Waltraud Isoldé Elchlepp (born 20 May 1942) is a German protest song singer under the pseudonym Dominique, and an operatic mezzo-soprano and soprano who appeared at major German opera houses and festivals including the Bayreuth Festival. She took part in world premieres such as Reimann's Das Schloß and Bernarda Albas Haus at the Bavarian State Opera. Besides the standard repertoire, she appeared in roles such as Othmar Schoeck's Penthesilea at the Staatsoper Hannover.

Life and career 
Elchlepp was born in Strasbourg (France, at the time annexed to Germany by the Third Reich), grew up in Karlsruhe and went to college in Brighton, England. Her father died during the Second World War, and her mother moved to Munich with her and her older sister. At the request of her mother, Elchlepp first studied fashion graphic design in Munich, and simultaneously undertook voice training. An Austrian producer became aware of her, and thus Elchlepp, who called herself Dominique as a protest singer, signed her first record contract in 1965. She began with hits and scored her first success with the protest song "Der ewige Soldat", based on "The Universal Soldier" by Buffy Sainte-Marie/Donovan, with German lyrics by Max Colpet. Further singles followed and also appeared on her LP Krieg im Frieden.
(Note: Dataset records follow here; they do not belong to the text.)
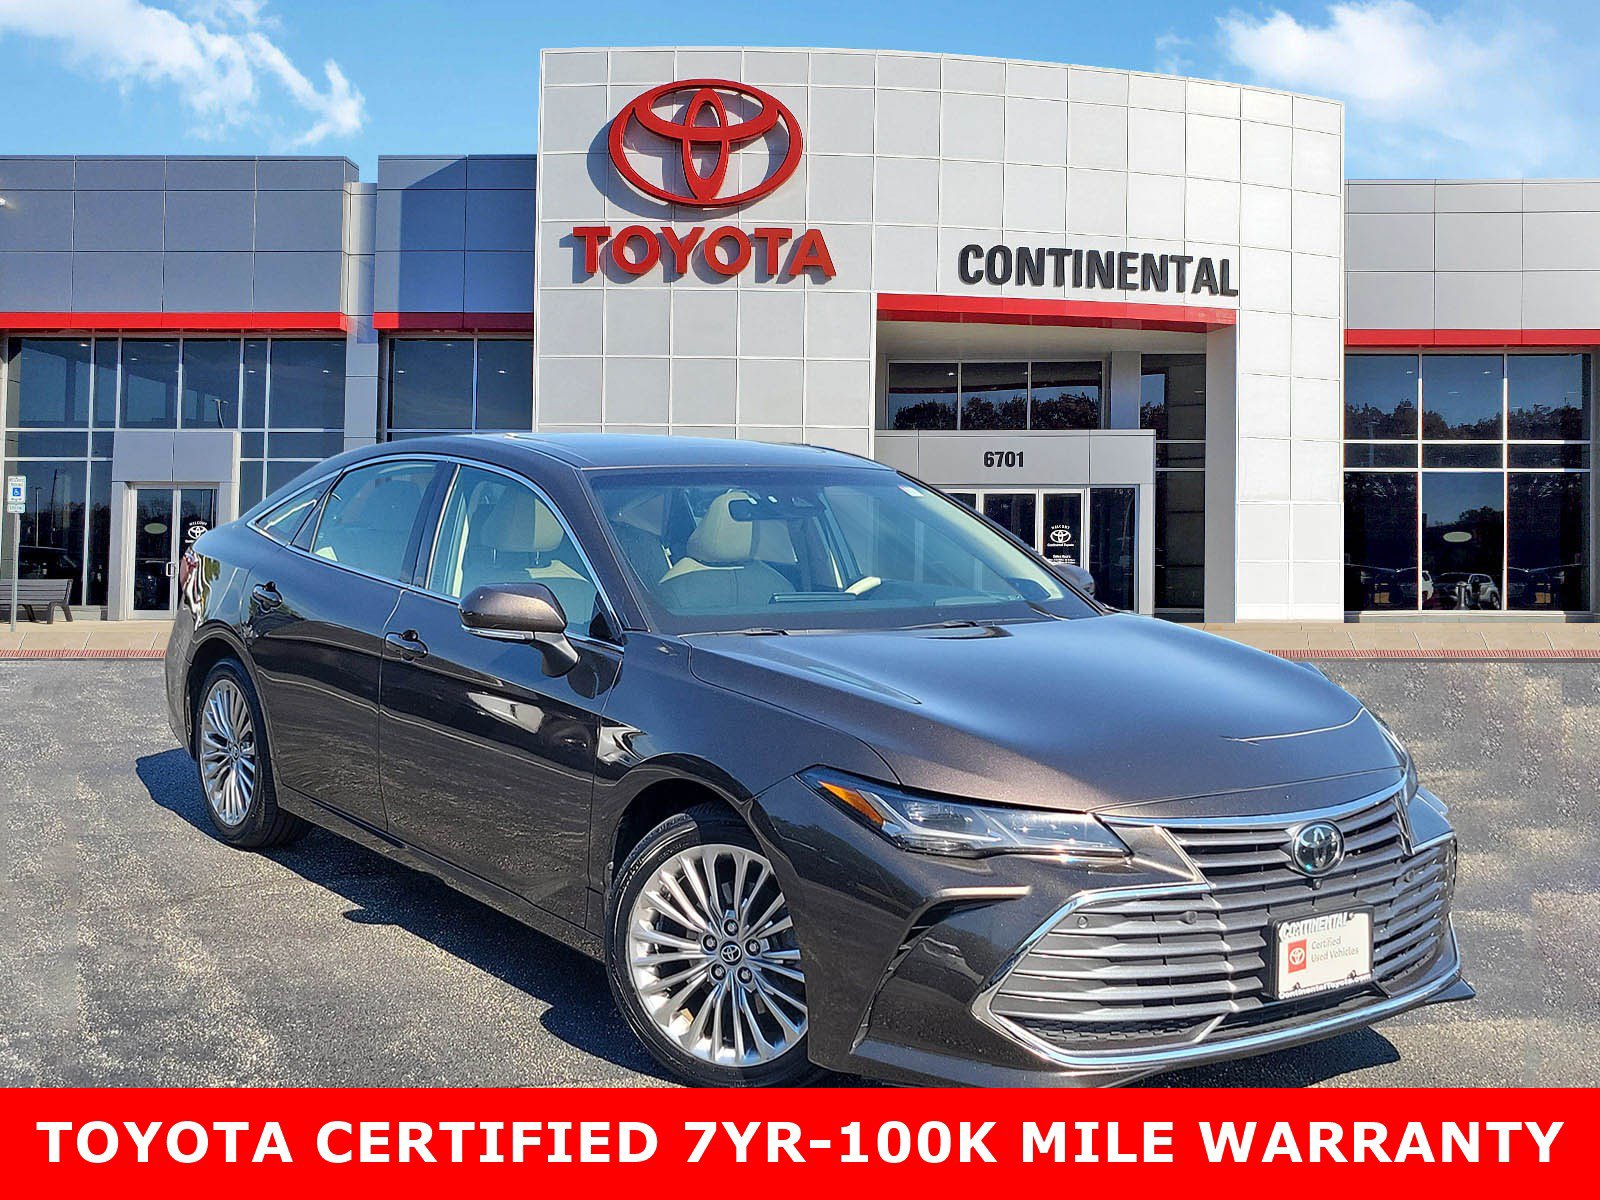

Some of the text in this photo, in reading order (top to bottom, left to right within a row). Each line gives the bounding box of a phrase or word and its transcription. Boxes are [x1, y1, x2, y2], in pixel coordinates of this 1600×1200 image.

[573, 226, 836, 278] TOYOTA
[959, 242, 1239, 298] CONTINENTAL
[983, 451, 1024, 468] 6701
[1279, 912, 1349, 940] CONTINENTAL
[1311, 936, 1342, 950] Certified
[1311, 946, 1360, 963] Used Vehicles
[1278, 973, 1372, 1000] ContinentalToyota.com
She recorded several songs by Bob Dylan, , Udo Westgard, and Pete Seeger.

She trained at the opera studio of the Bavarian State Opera in Munich, now under the name Isoldé Elchlepp. She appeared in small roles at the Bavarian State Opera, such as Kate Pinkerton in Puccini's Madama Butterfly in 1973 and in Der Rosenkavalier by Richard Strauss in 1975. From 1975 to 1982, she was a member of the Theater Bremen, then from 1982 to 1988 at the Hessisches Staatstheater Wiesbaden, moving to the Staatsoper Hannover. Her roles included Venus in Wagner's Tannhäuser, Brünnhilde in Der Ring des Nibelungen, Kundry in Parsifal, Azucena in Verdi's Il trovatore, Santuzza in Mascagni's Cavalleria Rusticana, Marie in Alban Berg's Wozzeck and Hekabe in Aribert Reimann's Troades, also works by Haydn, Mozart and Orff.
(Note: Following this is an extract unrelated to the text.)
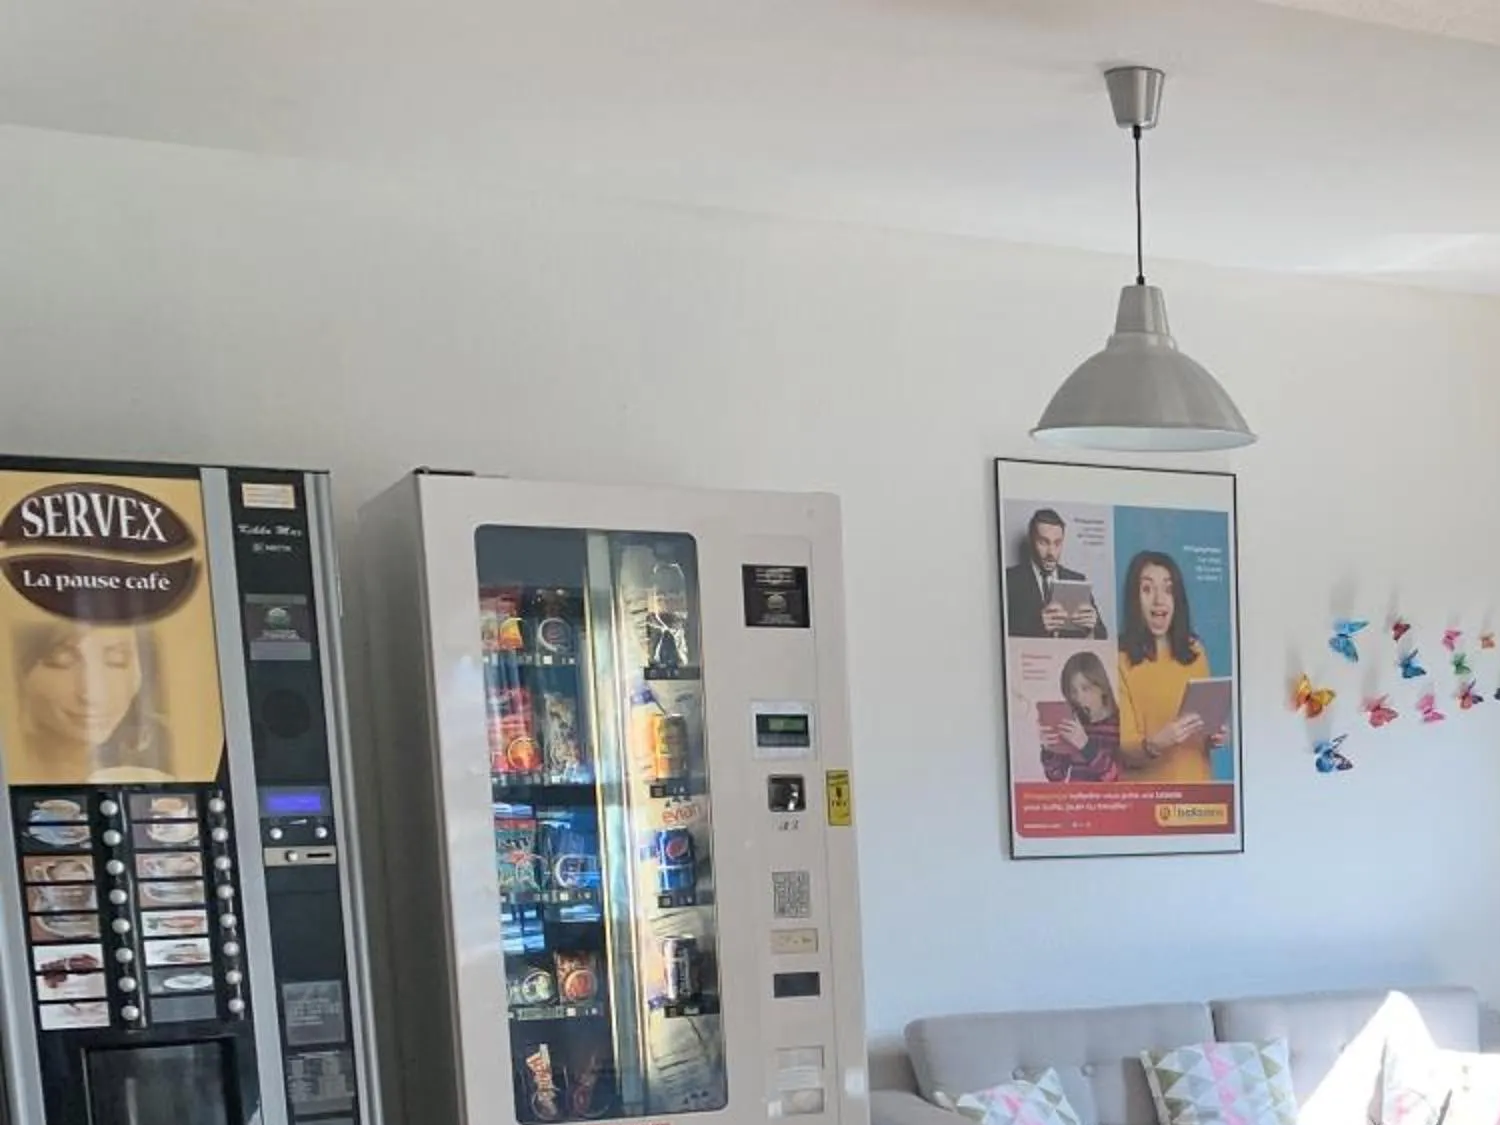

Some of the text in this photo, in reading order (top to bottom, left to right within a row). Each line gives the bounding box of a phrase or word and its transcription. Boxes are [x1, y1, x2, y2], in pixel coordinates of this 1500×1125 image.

[21, 492, 168, 543] SERVEX
[23, 569, 50, 587] La
[55, 574, 121, 592] pause
She performed at the Bayreuth Festival, in 1985 and 1986 as Rossweiße in Die Walküre, and in 1993 as Ortrud in Lohengrin. In 1992, she sang the role of the landlady at the world premiere of Reimann's Das Schloß, and in 2000, she appeared as La Poncia in the premiere of the composer's Bernarda Albas Haus, both at the Bavarian State Opera. In 1999, she appeared in the title role of Othmar Schoeck's Penthesilea at the Staatsoper Hannover, conducted by Andreas Delfs; a reviewer noted her stage presence, and how she sang the difficult part without showing how difficult it is.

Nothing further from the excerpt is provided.